Supplied information:
--
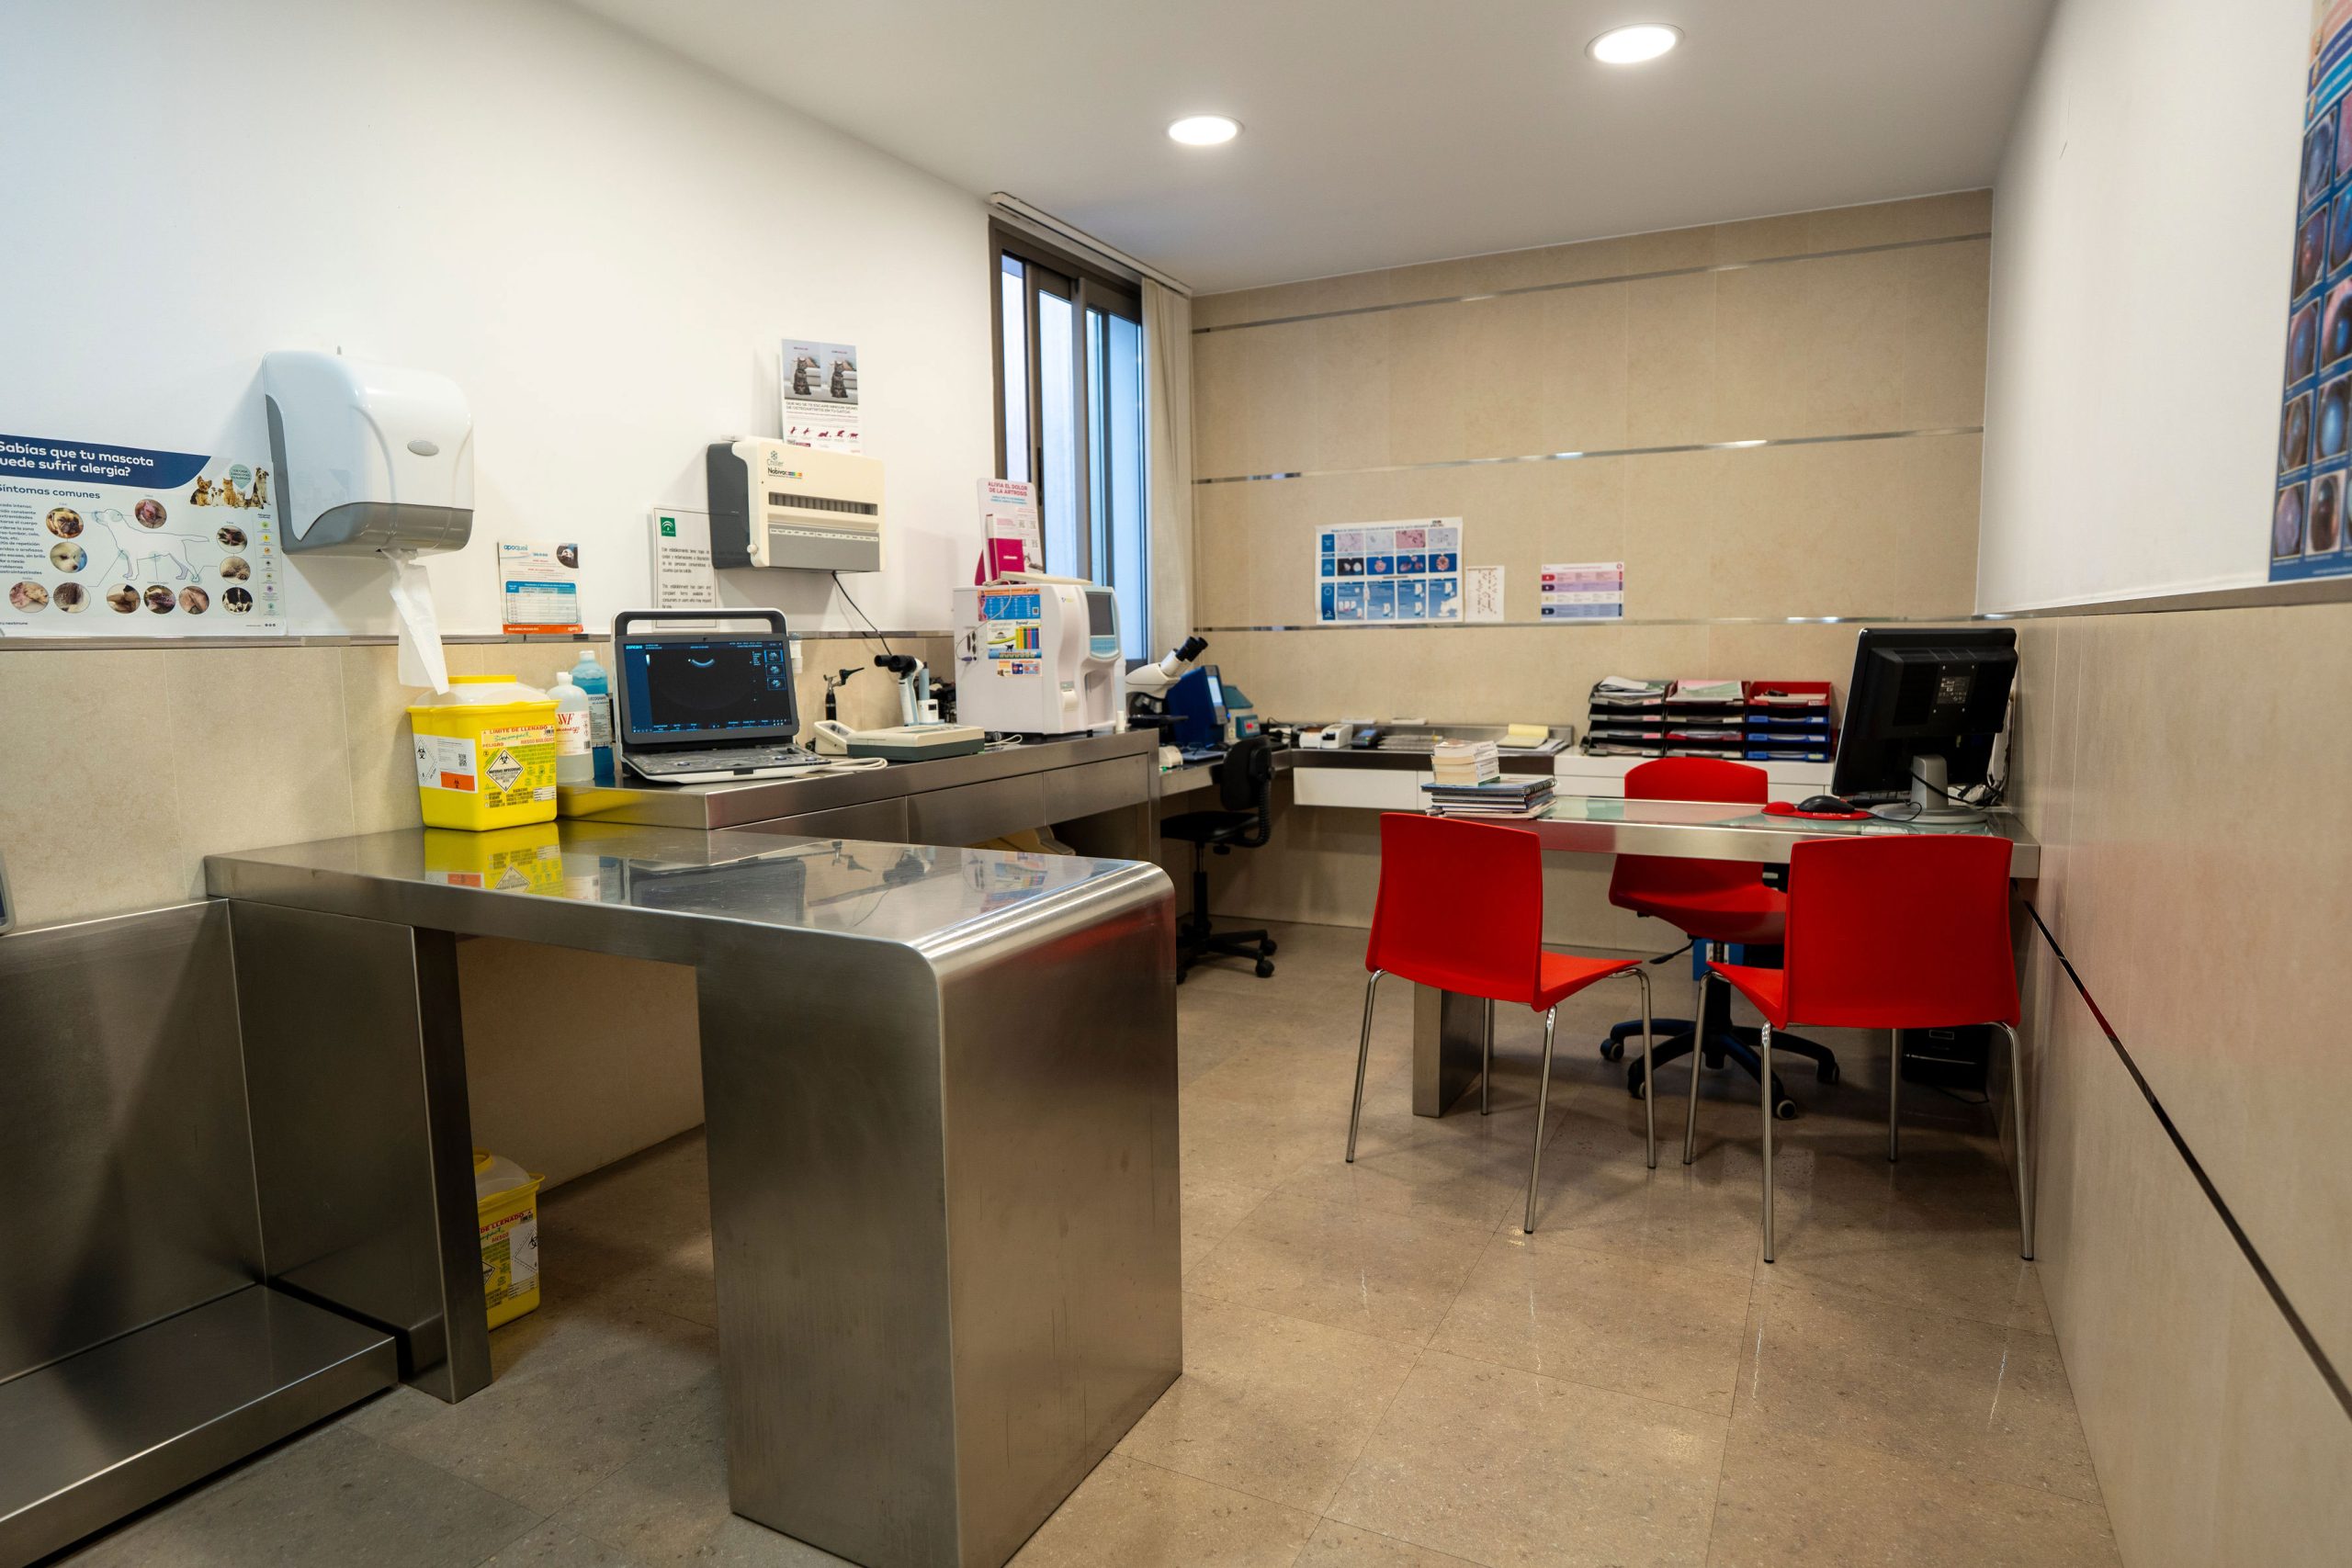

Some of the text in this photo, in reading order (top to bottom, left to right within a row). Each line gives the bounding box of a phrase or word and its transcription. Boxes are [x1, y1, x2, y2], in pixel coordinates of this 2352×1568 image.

[0, 442, 154, 467] Sabías que tu mascota
[0, 457, 131, 478] uede sufrir alergia?
[0, 484, 100, 500] Síntomas comunes
[480, 1213, 524, 1234] DE LLENADO
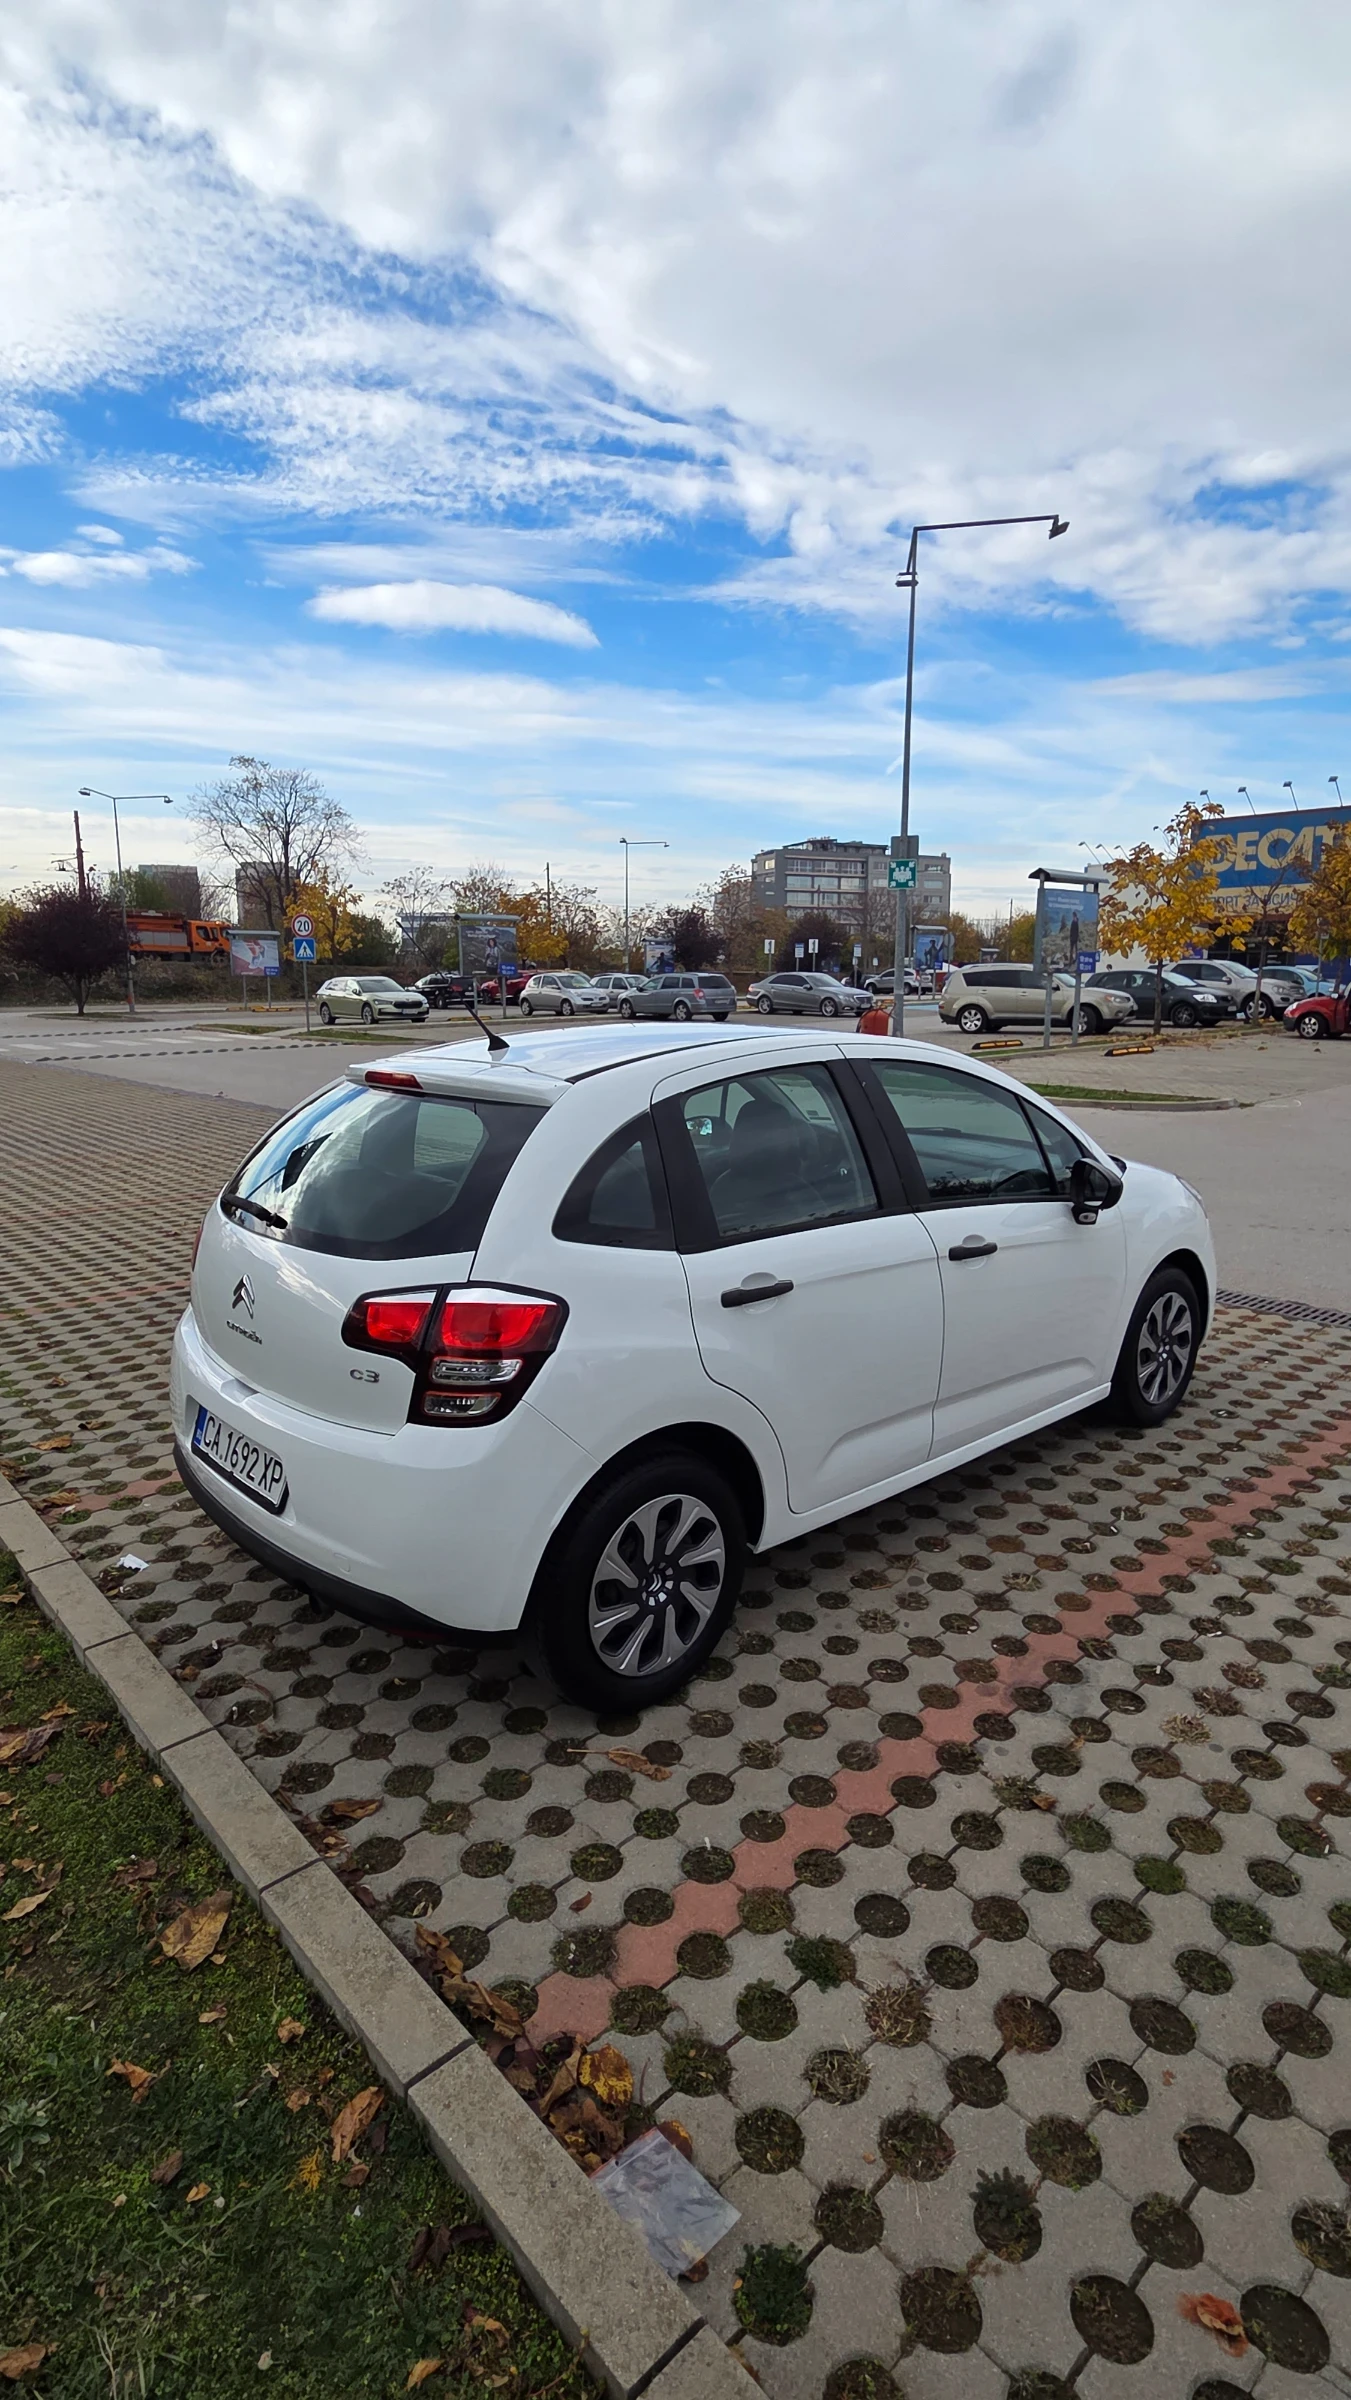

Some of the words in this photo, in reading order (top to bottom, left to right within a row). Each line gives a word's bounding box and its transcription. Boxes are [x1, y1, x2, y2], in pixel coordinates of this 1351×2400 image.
--
Action item:
Produce an exact copy of the records above, leaving out the pictures.

Solved problem:
Some of the text in this photo, in reading order (top to bottom, left to right within a row). Each line gives the bounding box of a phrase or word and its transcription. Boxes are [x1, y1, x2, y2], in pixel coordinates of this 2352×1568 image.

[0, 442, 154, 467] Sabías que tu mascota
[0, 457, 131, 478] uede sufrir alergia?
[0, 484, 100, 500] Síntomas comunes
[480, 1213, 524, 1234] DE LLENADO

Some of the words in this photo, in reading order (top to bottom, left to right within a row). Each line gives a word's bounding box and its transcription. Boxes are [x1, y1, x2, y2], in pixel coordinates of this 1351×2400 image.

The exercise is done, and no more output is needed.